Ce mercredi des centaines de milliers de personnes se sont mobilisées contre le projet de loi El Khomri. Une mobilisation significative qui n’est pas estimée de la même façon par les syndicats, les associations et les forces de l’ordre.

Combien de manifestants étaient présents à la marche de ce mercredi ? Une question peu évidente qui trouve pourtant plusieurs réponses : 400.000 selon Force Ouvrière, 500.000 selon l’Unef, et 224.000 selon la police. Il faut dire que pour les forces de l’ordre, compter les participants d’une manifestation n’est pas une tâche aisée.

Sans logiciel de mesures automatiques des foules, ou de système informatique permettant d’établir le nombre de manifestants à partir d’un échantillon représentatif, il est difficile d’être précis. C’est bien avec un banal compteur manuel et de deux caméras braquées sur la rue que les policiers de la direction du renseignement recensent les manifestant par paquets de dix. Le résultat est ensuite majoré de 10 %, et confirmé par le visionnage des vidéos.

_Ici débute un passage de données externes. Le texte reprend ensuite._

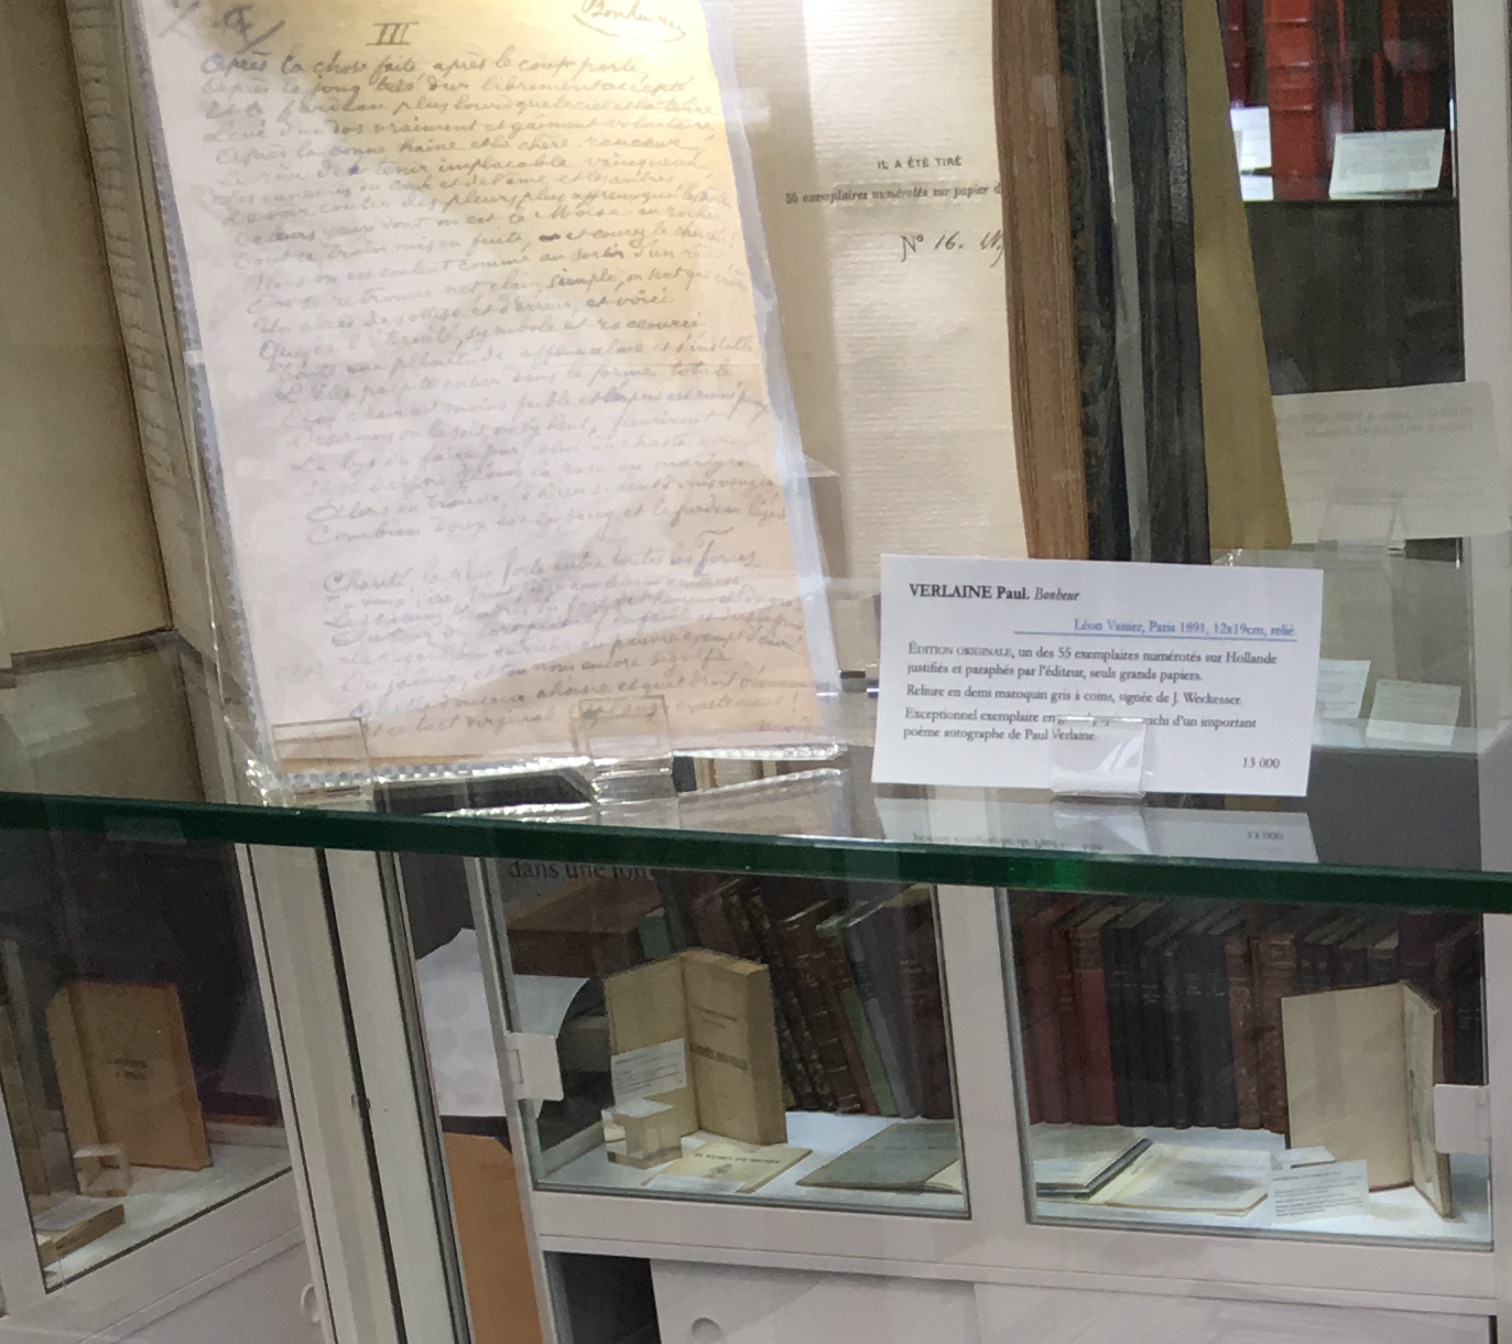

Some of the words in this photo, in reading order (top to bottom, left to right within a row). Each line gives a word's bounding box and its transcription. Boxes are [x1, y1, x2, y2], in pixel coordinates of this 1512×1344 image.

Source : facebook.com/roger.nymo

Les étudiants étaient dans la rue pour protester contre la loi El Khomri ce mercredi Source : facebook.com/roger.nymo

Suite à des accusations de manipulation des chiffres, ce dispositif artisanal, avait été jugé pertinent après avoir subi un auditoire devant une commission. Cette dernière avait pourtant donné deux recommandations à la préfecture de police comme indiquer une fourchette plutôt qu’un chiffre précis et installer au moins trois postes d’observation pour les grosses manifestations.

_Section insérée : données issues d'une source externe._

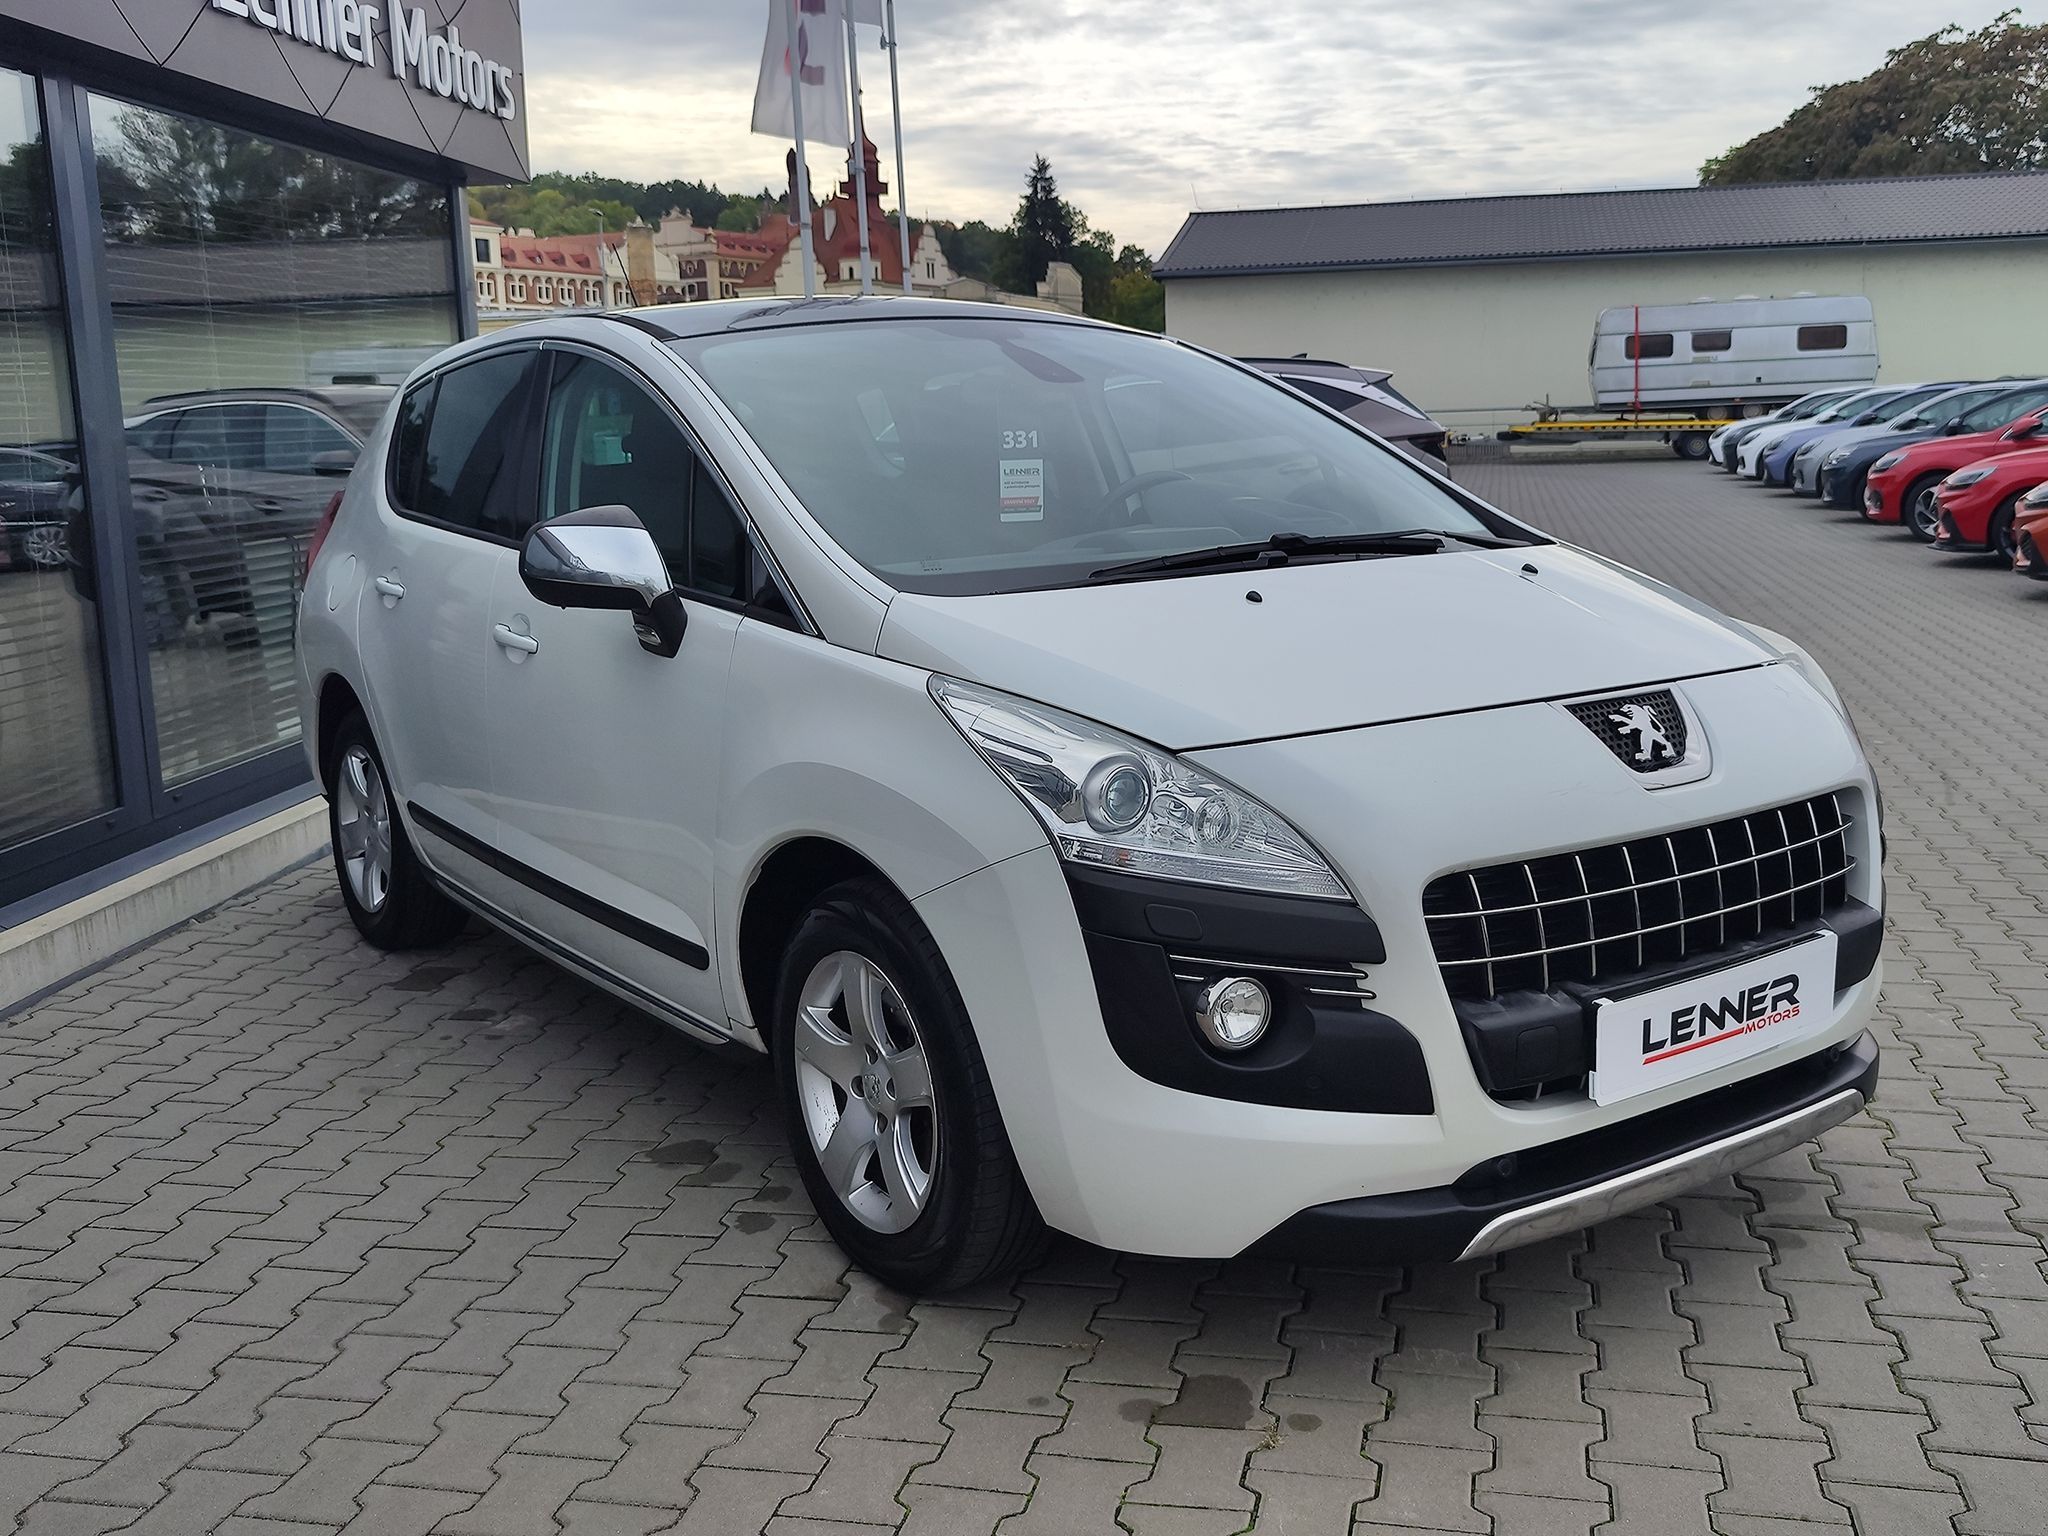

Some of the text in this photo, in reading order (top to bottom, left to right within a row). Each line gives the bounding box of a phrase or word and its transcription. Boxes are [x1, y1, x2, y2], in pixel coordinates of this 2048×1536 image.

[212, 0, 516, 121] nner Motors
[1003, 430, 1038, 449] 331
[1003, 467, 1040, 476] LENNER
[1642, 973, 1800, 1055] LENNER
[1743, 1004, 1801, 1035] MOTORS

D’autres méthodes alternatives avaient été étudiées comme la prise de vue de haut ou encore compter le nombre de téléphone portable à un endroit précis. Mercredi, seules deux caméras étaient installées au dessus d’un commerce et d’une chambre d’hôtel parisienne. Les policiers ont compté entre 27 000 et 29 000 personnes, tandis que la CGT a annoncé 100 000 manifestants dans Paris.